(AIM OF THE TASK):
Every record here must be copied exactly, except for the images it holds.

(DATA FOR THIS EXERCISE):
________
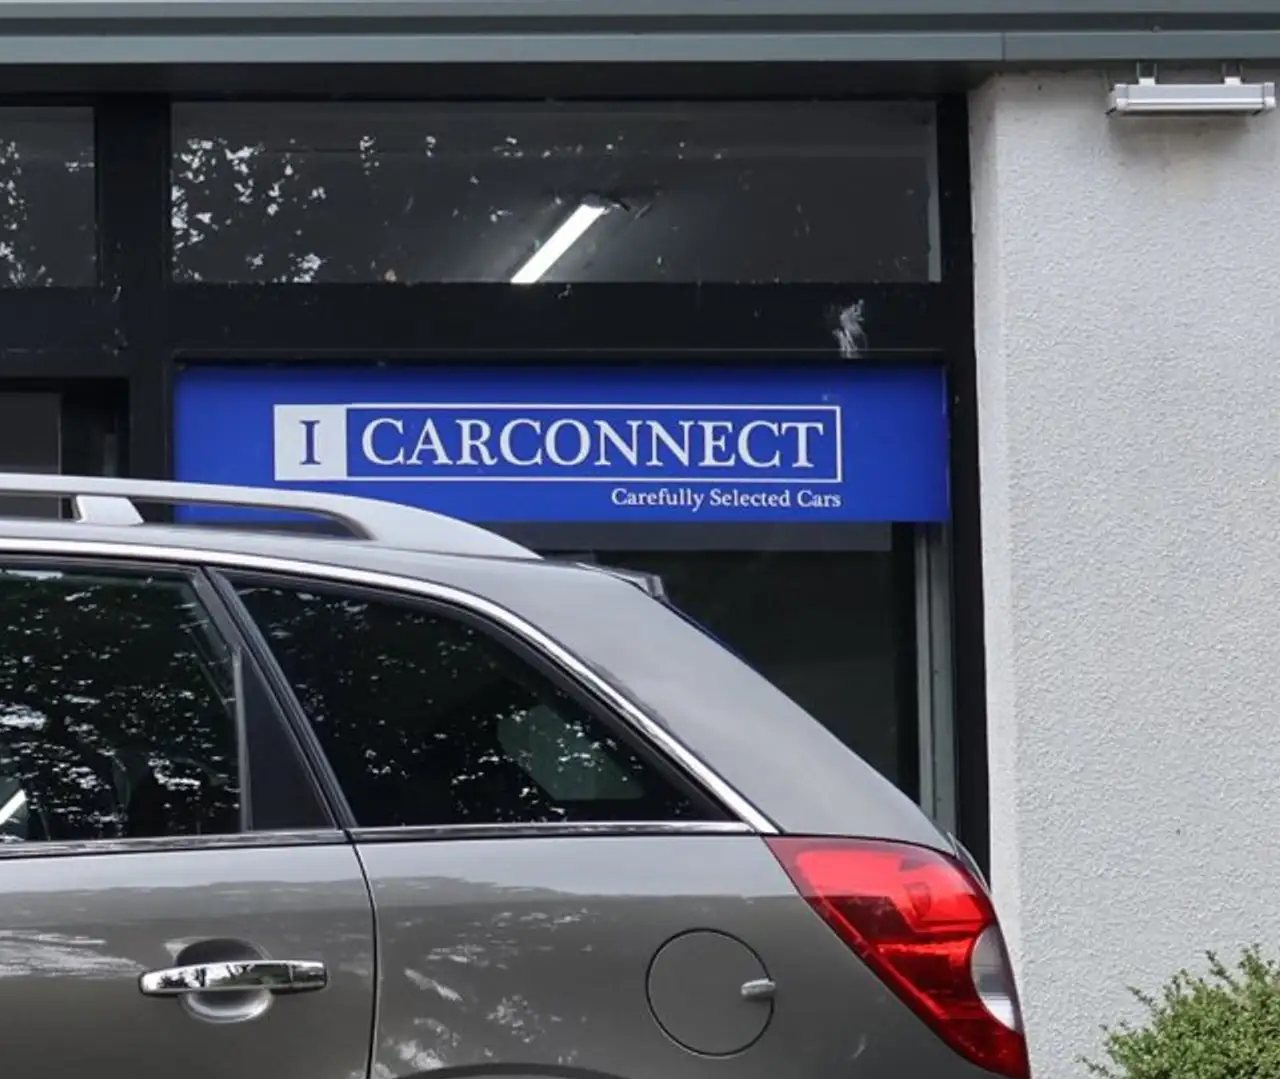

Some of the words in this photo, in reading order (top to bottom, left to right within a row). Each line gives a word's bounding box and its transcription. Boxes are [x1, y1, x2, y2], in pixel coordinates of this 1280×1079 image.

[361, 417, 824, 468] CARCONNECT
[611, 487, 705, 512] Carefully
[709, 488, 791, 508] Selected
[797, 489, 842, 509] Cars
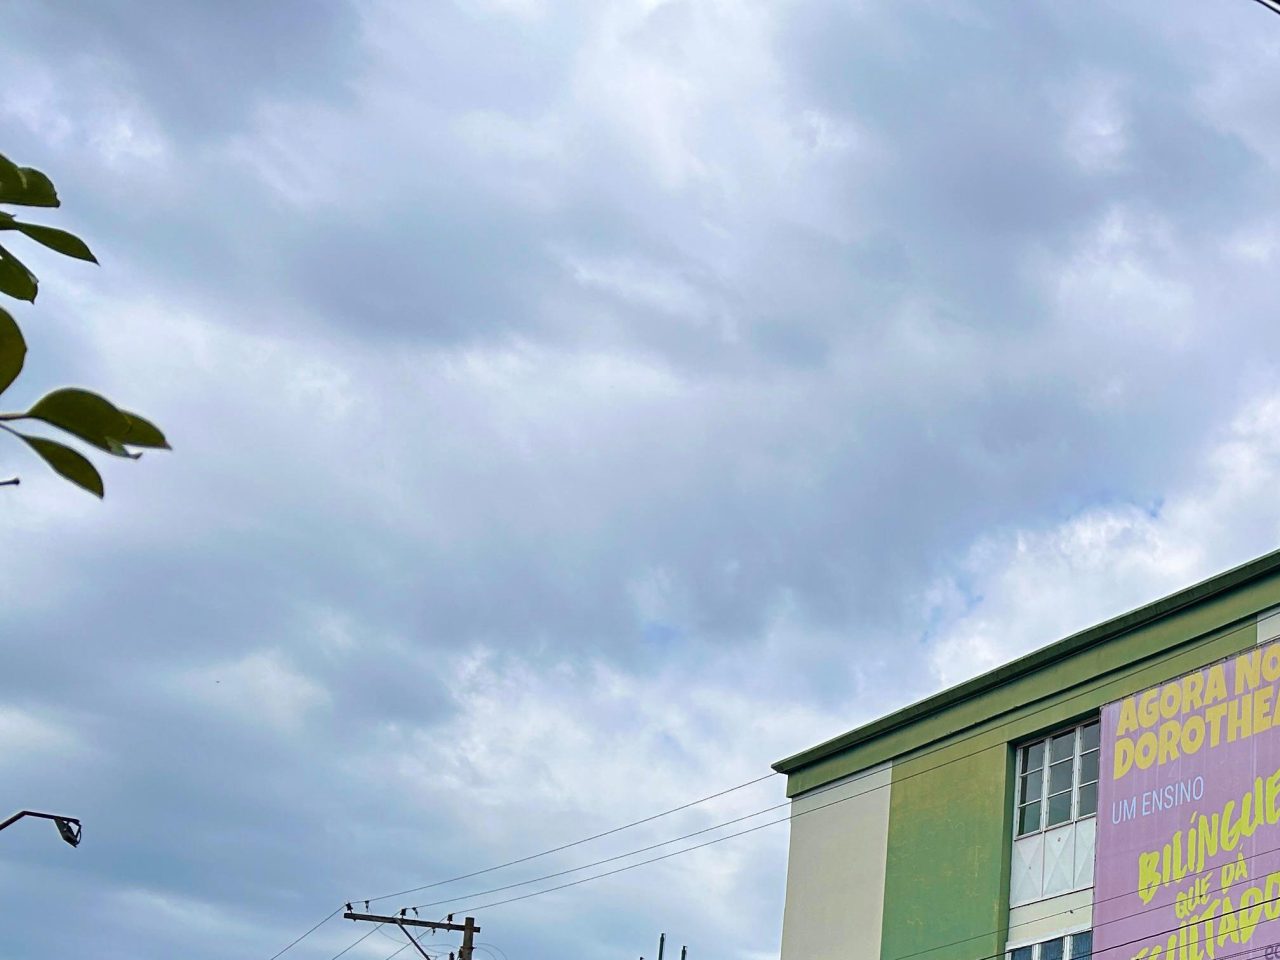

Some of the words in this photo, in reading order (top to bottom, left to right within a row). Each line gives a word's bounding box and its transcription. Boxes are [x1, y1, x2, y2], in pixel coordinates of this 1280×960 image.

[1116, 664, 1227, 736] AGORA
[1112, 796, 1136, 825] UM
[1142, 776, 1204, 816] ENSINO
[1175, 871, 1213, 919] QUE
[1221, 844, 1248, 894] DÁ
________
(WORKED SOLUTION):
Some of the words in this photo, in reading order (top to bottom, left to right within a row). Each line gives a word's bounding box and its transcription. Boxes are [x1, y1, x2, y2], in pixel coordinates of this 1280×1079 image.

[361, 417, 824, 468] CARCONNECT
[611, 487, 705, 512] Carefully
[709, 488, 791, 508] Selected
[797, 489, 842, 509] Cars

Some of the words in this photo, in reading order (top to bottom, left to right within a row). Each line gives a word's bounding box and its transcription. Boxes are [x1, y1, x2, y2], in pixel coordinates of this 1280×960 image.

[1116, 664, 1227, 736] AGORA
[1112, 796, 1136, 825] UM
[1142, 776, 1204, 816] ENSINO
[1175, 871, 1213, 919] QUE
[1221, 844, 1248, 894] DÁ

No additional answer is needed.